The pictures must be left out, while the rest of the data is copied exactly.

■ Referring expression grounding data
......

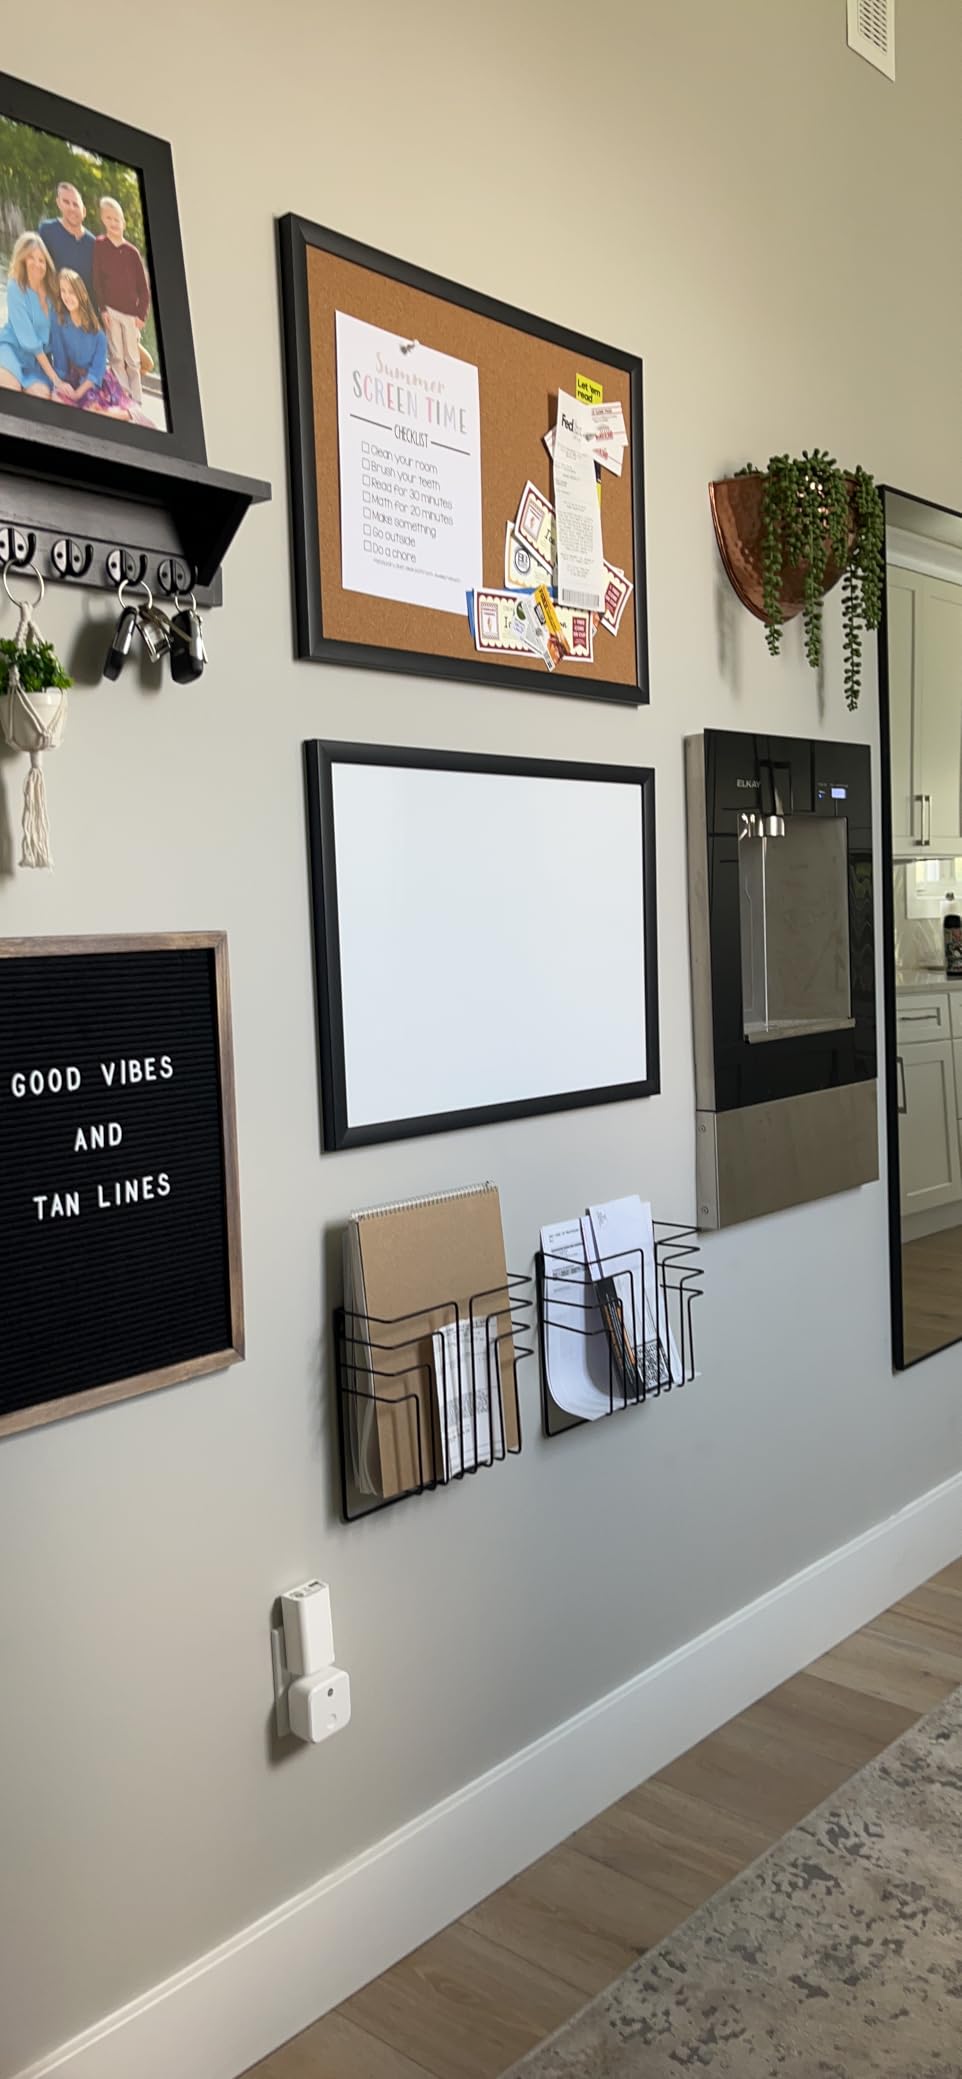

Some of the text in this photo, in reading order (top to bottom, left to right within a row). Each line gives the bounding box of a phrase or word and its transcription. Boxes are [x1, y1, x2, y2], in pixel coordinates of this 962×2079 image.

[577, 378, 588, 391] Let
[352, 369, 468, 434] SCREEN TIME
[394, 423, 429, 448] CHECKLIST
[371, 444, 438, 475] Clean your room
[371, 460, 441, 491] Brush your teeth
[371, 477, 453, 510] Read for 30 minutes
[371, 493, 454, 526] Math for 20 minutes
[372, 510, 437, 538] Make something
[372, 527, 416, 547] Go outside
[372, 542, 417, 564] Do a chore
[736, 779, 761, 789] ELKAY
[11, 1055, 174, 1098] GOOD VIBES
[73, 1122, 123, 1152] AND
[32, 1172, 171, 1221] TAN LINES
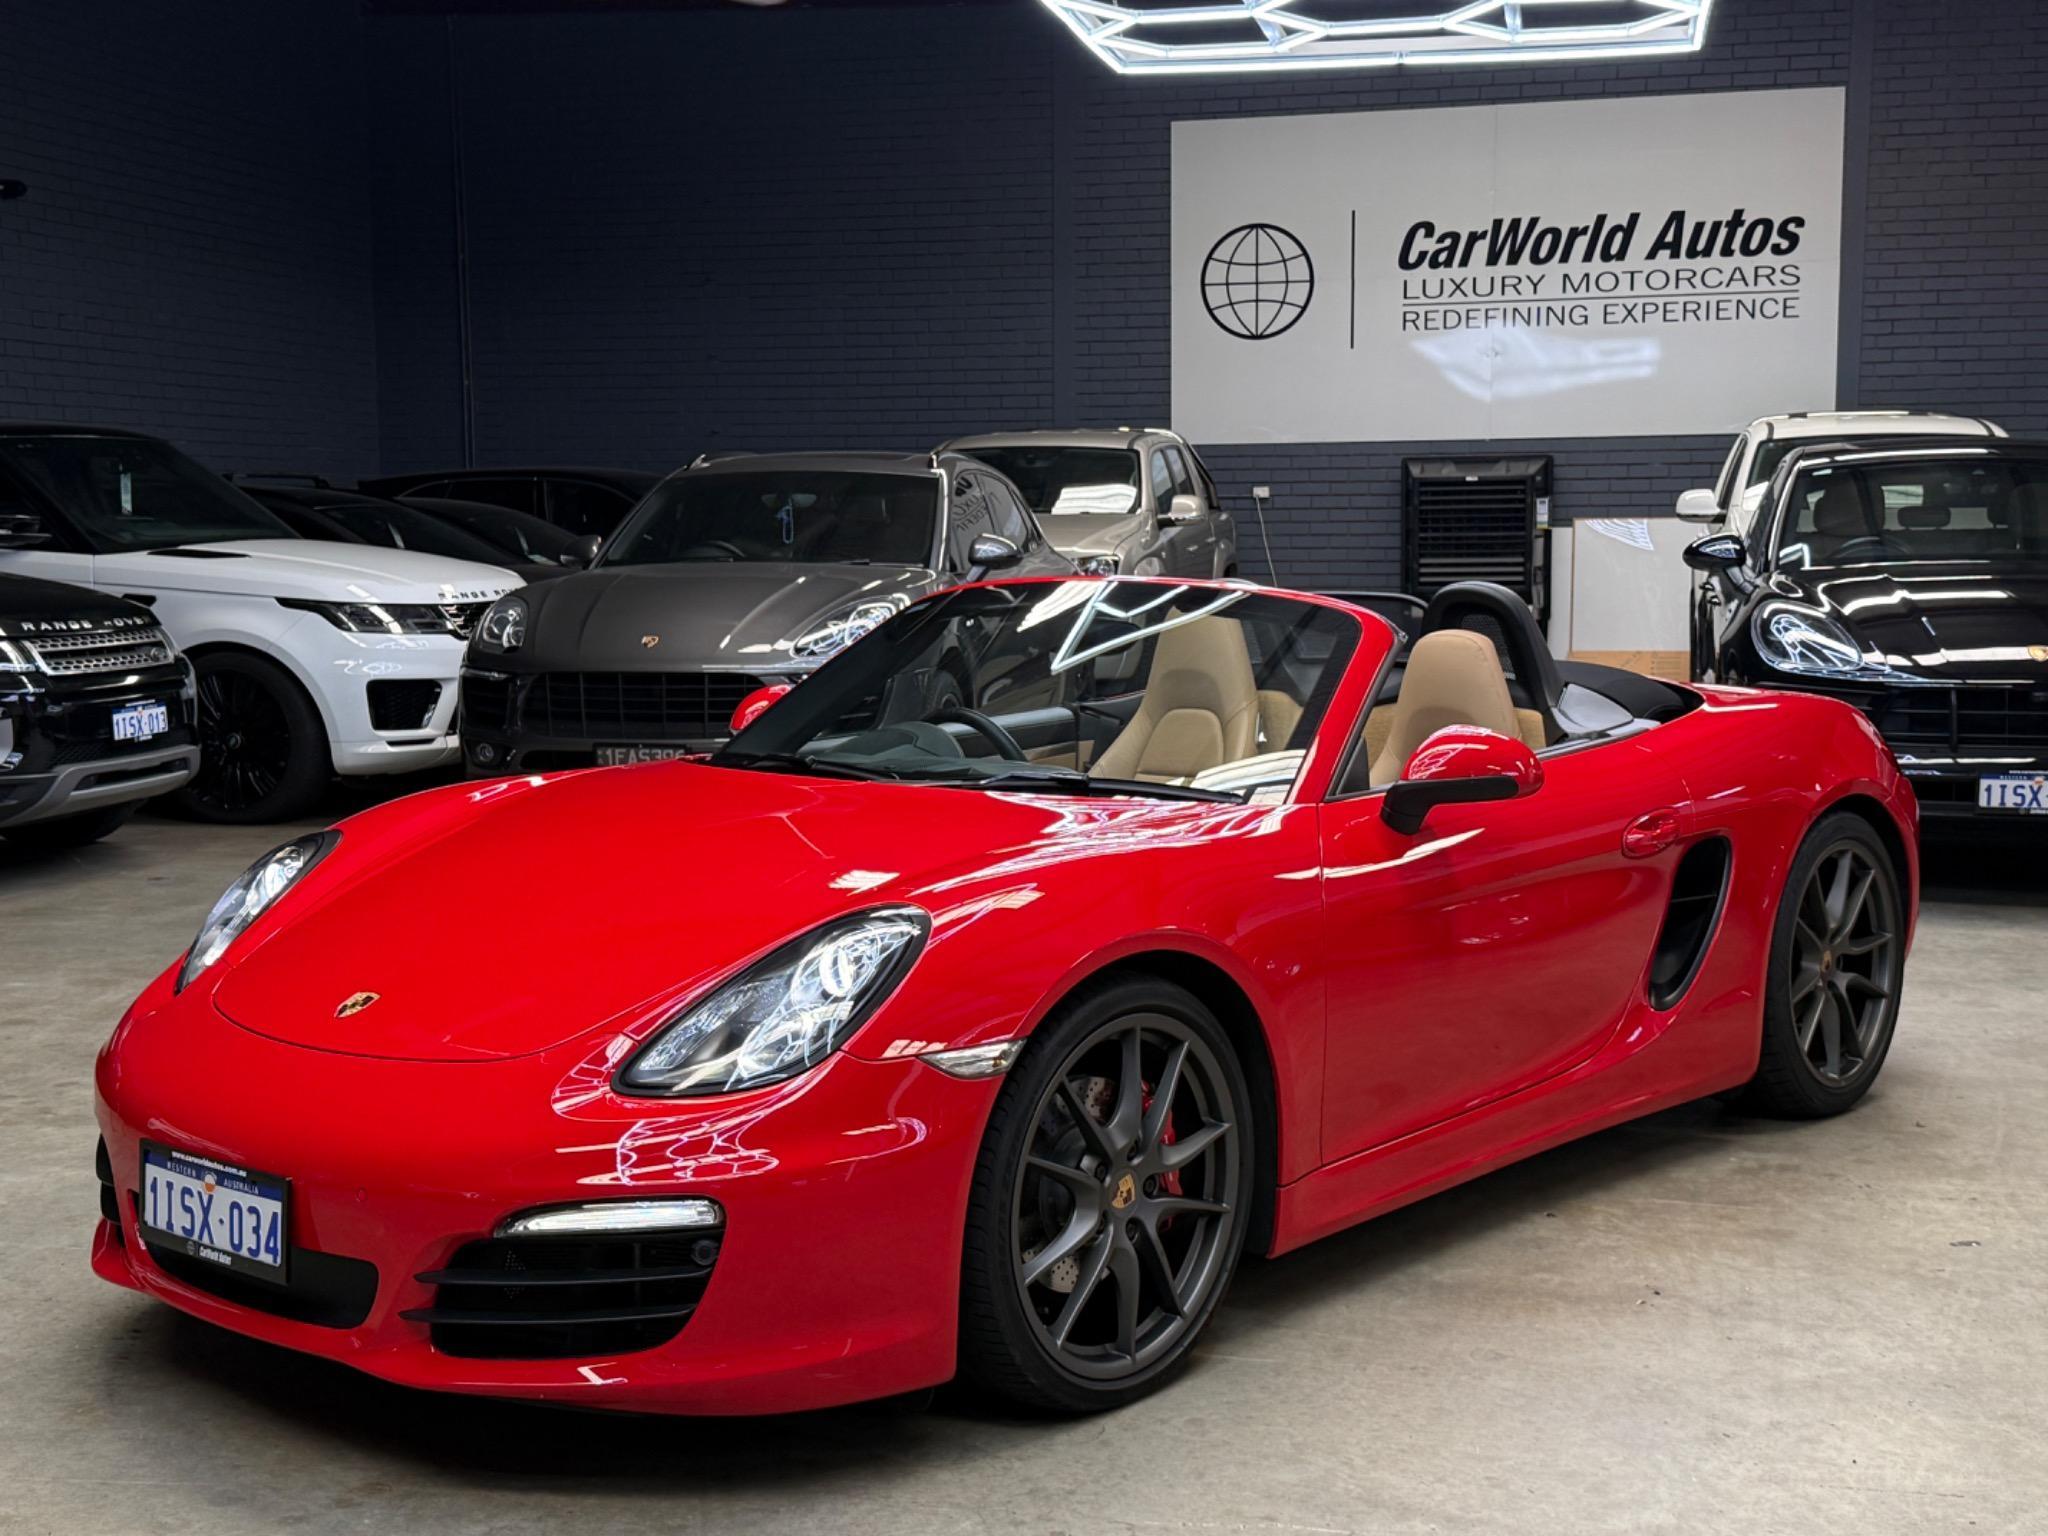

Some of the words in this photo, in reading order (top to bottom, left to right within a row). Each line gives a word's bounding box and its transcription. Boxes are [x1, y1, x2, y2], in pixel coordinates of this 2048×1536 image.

......

■ Task output
Some of the text in this photo, in reading order (top to bottom, left to right within a row). Each line gives the bounding box of a phrase or word and its transcription. Boxes are [x1, y1, x2, y2], in pixel coordinates of this 962×2079 image.

[577, 378, 588, 391] Let
[352, 369, 468, 434] SCREEN TIME
[394, 423, 429, 448] CHECKLIST
[371, 444, 438, 475] Clean your room
[371, 460, 441, 491] Brush your teeth
[371, 477, 453, 510] Read for 30 minutes
[371, 493, 454, 526] Math for 20 minutes
[372, 510, 437, 538] Make something
[372, 527, 416, 547] Go outside
[372, 542, 417, 564] Do a chore
[736, 779, 761, 789] ELKAY
[11, 1055, 174, 1098] GOOD VIBES
[73, 1122, 123, 1152] AND
[32, 1172, 171, 1221] TAN LINES

Some of the words in this photo, in reading order (top to bottom, left to right within a row). Each line gives a word's bounding box and its transcription. Boxes are [x1, y1, x2, y2], in pixel coordinates of this 2048×1536 image.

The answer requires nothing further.